Percepat Komitmen Investasi Hasil Kesepakatan Pelaksanaan KTT G20, Ini Perintah Jokowi

  • Bagikan
Presiden Joko Widodo (tengah) didampingi Menteri Luar Negeri Retno Marsudi (kiri) dan Menteri Keuangan Sri Mulyani Indrawati di Nusa Dua, Bali, Rabu (16/11/2022). (HENDRA EKA/JAWA POS)

FAJAR.CO.ID, JAKARTA -- Presiden Joko Widodo (Jokowi) meminta jajarannya segera mengeksekusi semua program dan inisiatif yang telah disepakati pada pelaksanaan Presidensi G20 Indonesia.

Terdapat 226 proyek yang bersifat multilateral dengan nilai sebesar USD 238 miliar dan 140 proyek yang bersifat bilateral dengan nilai USD 71,4 miliar

Hal tersebut disampaikan Presiden saat memimpin Rapat Terbatas mengenai Evaluasi Pelaksanaan Konferensi Tingkat Tinggi (KTT) G20, di Kantor Presiden, Jakarta, Senin (28/11).

“Ini yang paling penting agar segera ditindaklanjuti dengan membentuk task force untuk menyelesaikan kesepakatan-kesepakatan,” kata Jokowi.

Selain itu, Jokowi juga mendorong jajarannya untuk mempercepat realisasi komitmen investasi yang diperoleh dari negara-negara G20.

“Saya melihat saat di Bali, di B20 itu energi positifnya kelihatan sekali, panas.

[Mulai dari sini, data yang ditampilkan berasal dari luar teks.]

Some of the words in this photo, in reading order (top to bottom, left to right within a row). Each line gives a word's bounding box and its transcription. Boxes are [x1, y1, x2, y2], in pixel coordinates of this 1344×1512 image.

Oleh sebab itu, jangan sampai komitmen investasi yang sudah ada ini tidak bisa terealisasi di lapangan,” papar Jokowi.

Sejumlah komitmen investasi tersebut, antara lain, pendanaan infrastruktur melalui skema Partnership for Global Infrastructure and Investment (PGII) dan pendanaan pengembangan kendaraan listrik melalui Just Energy Transition Partnership (JETP) yang dipimpin oleh AS.

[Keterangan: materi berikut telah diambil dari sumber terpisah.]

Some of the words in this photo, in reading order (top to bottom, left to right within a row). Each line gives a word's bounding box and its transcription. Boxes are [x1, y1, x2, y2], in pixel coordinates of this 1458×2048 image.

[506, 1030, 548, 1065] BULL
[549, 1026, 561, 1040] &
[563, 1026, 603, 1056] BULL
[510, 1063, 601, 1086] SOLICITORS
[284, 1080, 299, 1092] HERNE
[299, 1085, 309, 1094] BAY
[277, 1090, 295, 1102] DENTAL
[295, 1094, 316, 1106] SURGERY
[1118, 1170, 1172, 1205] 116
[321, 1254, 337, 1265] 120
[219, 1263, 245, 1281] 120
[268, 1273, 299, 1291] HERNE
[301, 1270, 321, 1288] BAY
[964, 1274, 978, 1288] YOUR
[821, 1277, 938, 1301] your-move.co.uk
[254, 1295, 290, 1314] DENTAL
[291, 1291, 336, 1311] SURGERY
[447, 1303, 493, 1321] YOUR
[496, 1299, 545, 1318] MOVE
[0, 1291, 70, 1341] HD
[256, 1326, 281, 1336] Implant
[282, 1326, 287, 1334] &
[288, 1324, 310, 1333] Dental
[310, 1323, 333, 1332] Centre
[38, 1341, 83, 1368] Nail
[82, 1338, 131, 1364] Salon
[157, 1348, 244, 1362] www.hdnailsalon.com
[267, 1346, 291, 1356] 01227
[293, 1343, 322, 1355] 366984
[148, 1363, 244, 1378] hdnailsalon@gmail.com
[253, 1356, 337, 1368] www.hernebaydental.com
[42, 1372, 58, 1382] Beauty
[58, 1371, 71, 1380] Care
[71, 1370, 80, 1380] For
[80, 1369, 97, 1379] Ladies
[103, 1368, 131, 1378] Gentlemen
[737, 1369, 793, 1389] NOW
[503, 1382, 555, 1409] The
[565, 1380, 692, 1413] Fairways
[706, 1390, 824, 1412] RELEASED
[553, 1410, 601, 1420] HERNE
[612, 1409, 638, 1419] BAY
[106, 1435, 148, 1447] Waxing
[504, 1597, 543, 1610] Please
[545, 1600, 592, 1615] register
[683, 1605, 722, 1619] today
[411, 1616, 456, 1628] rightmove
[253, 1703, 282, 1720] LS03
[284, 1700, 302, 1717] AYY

Selain itu, terdapat juga komitmen investasi dari Jepang, Inggris, dan Korea Selatan untuk MRT Jakarta serta kerja sama dengan Turki untuk pembangunan Jalan Tol Trans Sumatra dan investasi lainnya.

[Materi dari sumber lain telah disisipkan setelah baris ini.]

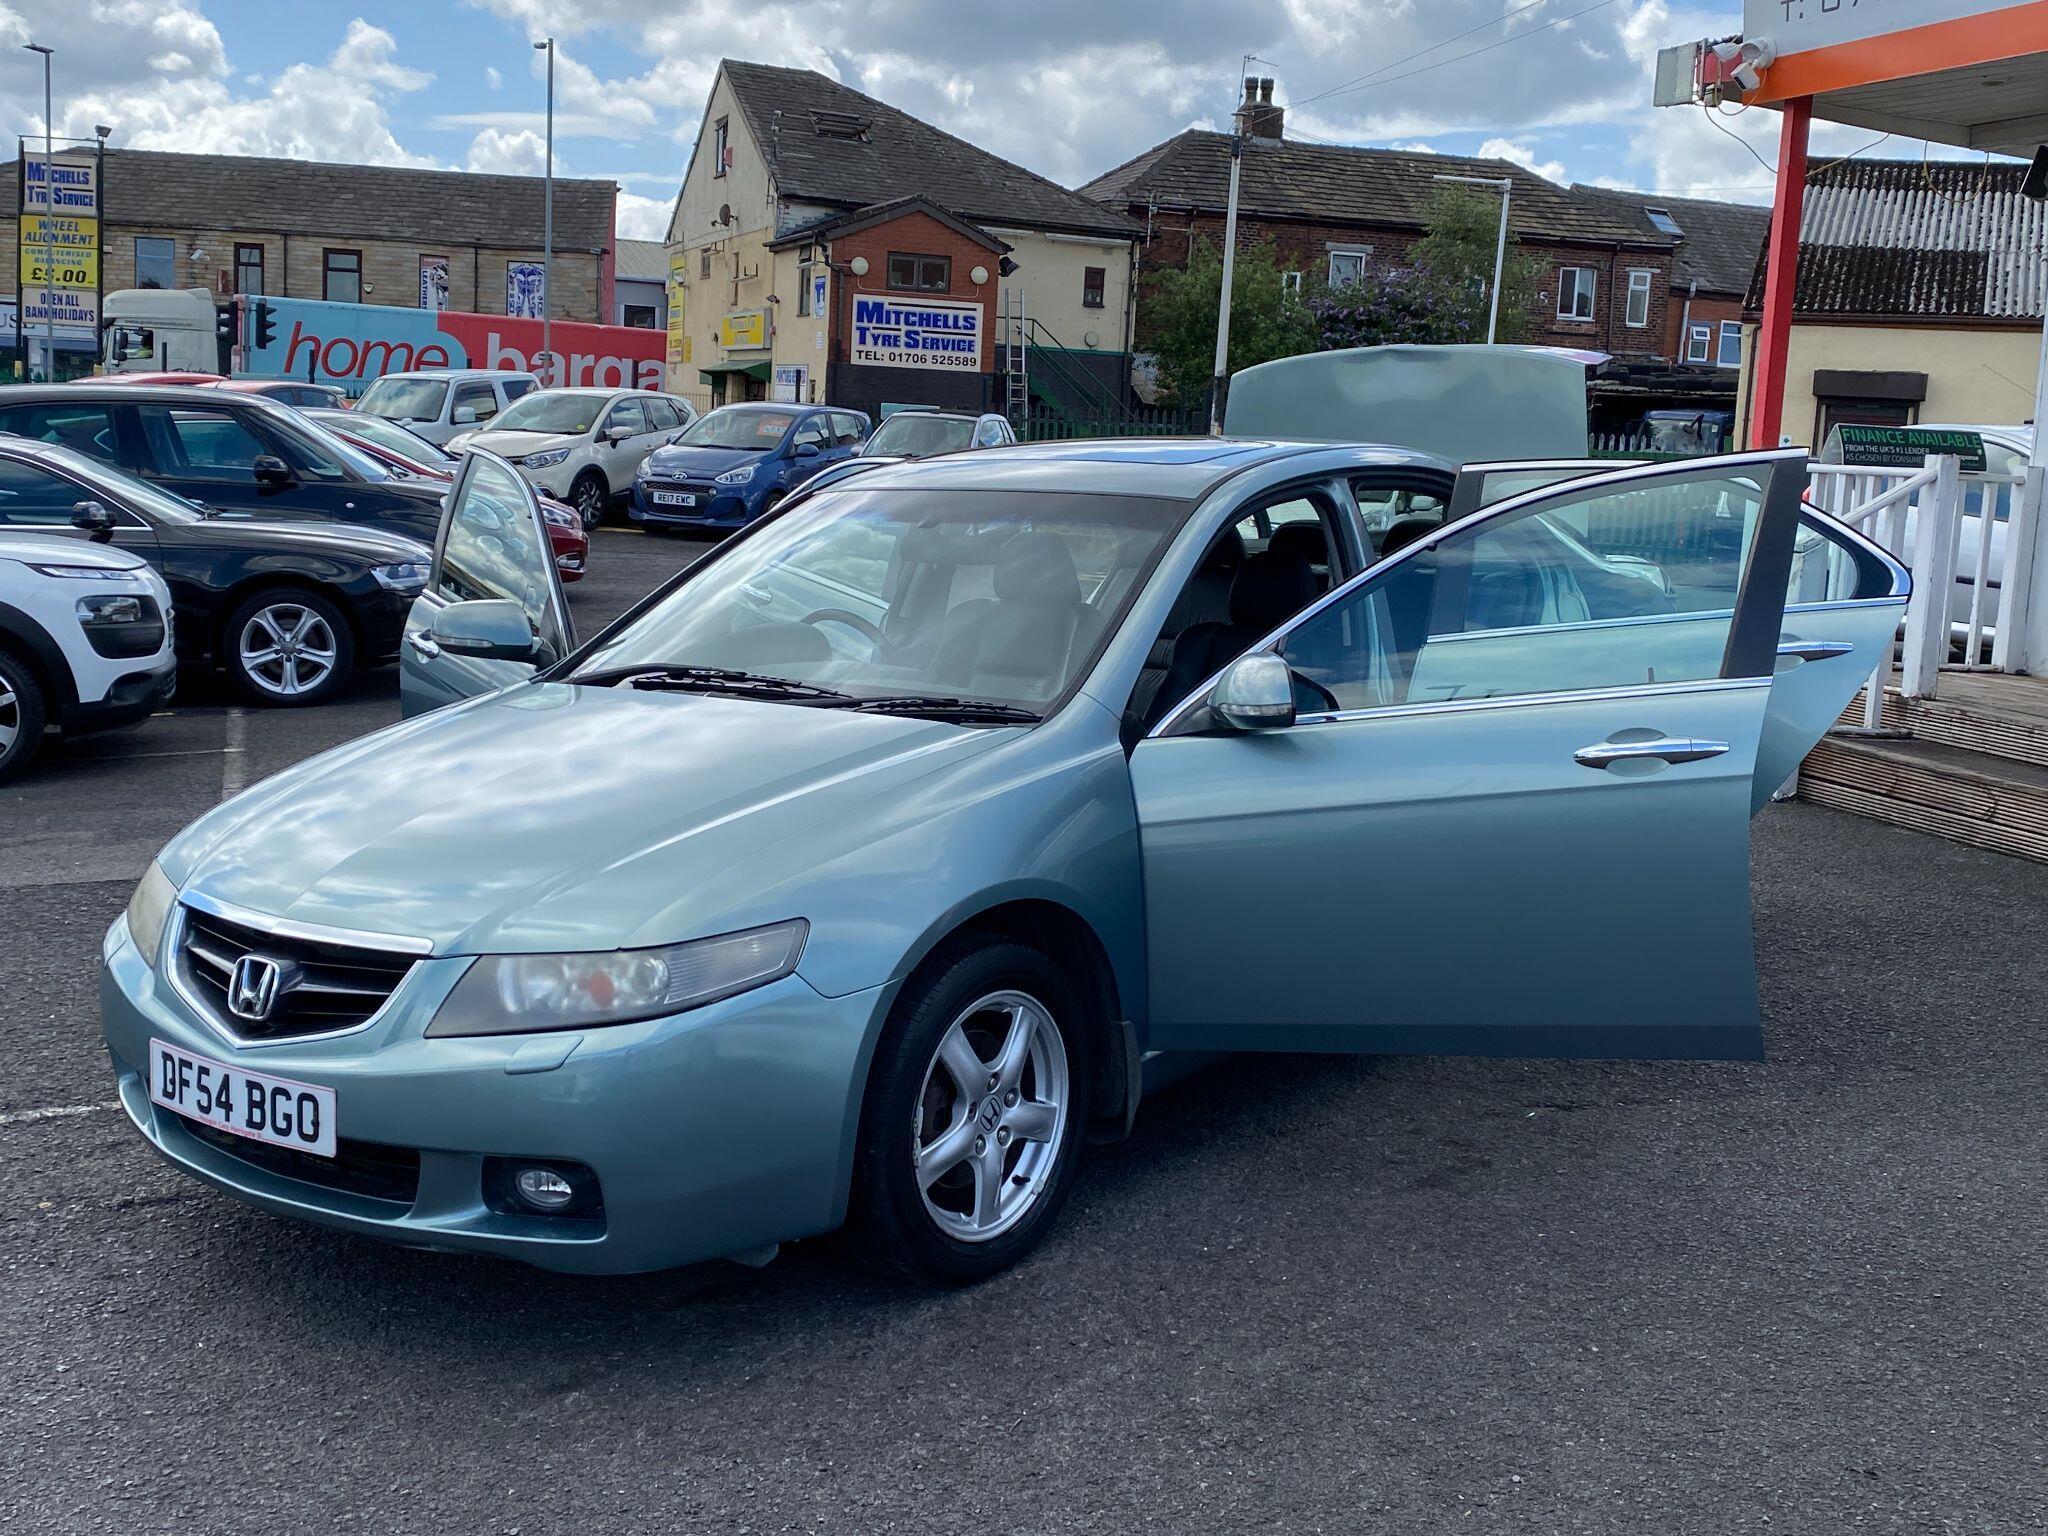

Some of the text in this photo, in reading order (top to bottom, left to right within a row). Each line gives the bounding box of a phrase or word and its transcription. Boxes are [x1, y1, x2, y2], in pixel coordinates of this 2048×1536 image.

[27, 162, 90, 184] MICHELLS
[27, 185, 94, 207] TYR SERVICE
[38, 219, 79, 232] WHEEL
[31, 267, 87, 283] £5.00
[41, 292, 79, 307] OEN ALL
[52, 308, 95, 321] HOLIDAYS
[856, 301, 977, 331] MITCHELLS
[284, 320, 449, 378] home
[856, 326, 975, 353] TYRE SERVICE
[856, 350, 977, 367] TEL: 01706 525589
[1842, 428, 1982, 449] FINANCE AVAILABLE
[1845, 444, 1865, 452] FROM
[1866, 445, 1879, 453] THE
[162, 1050, 320, 1143] DF54 BGO

“Saya melihat ini banyak sekali. Oleh sebab itu, perlu segera ada task force khusus, misalnya yang Amerika [Serikat] siapa, yang UAE [Persatuan Emirat Arab/PEA] siapa, yang Korea siapa, yang Jepang siapa, semuanya, yang Cina siapa, sehingga semuanya bisa secara detail menindaklanjuti apa yang menjadi kesepakatan kita di Bali,” papar Jokowi.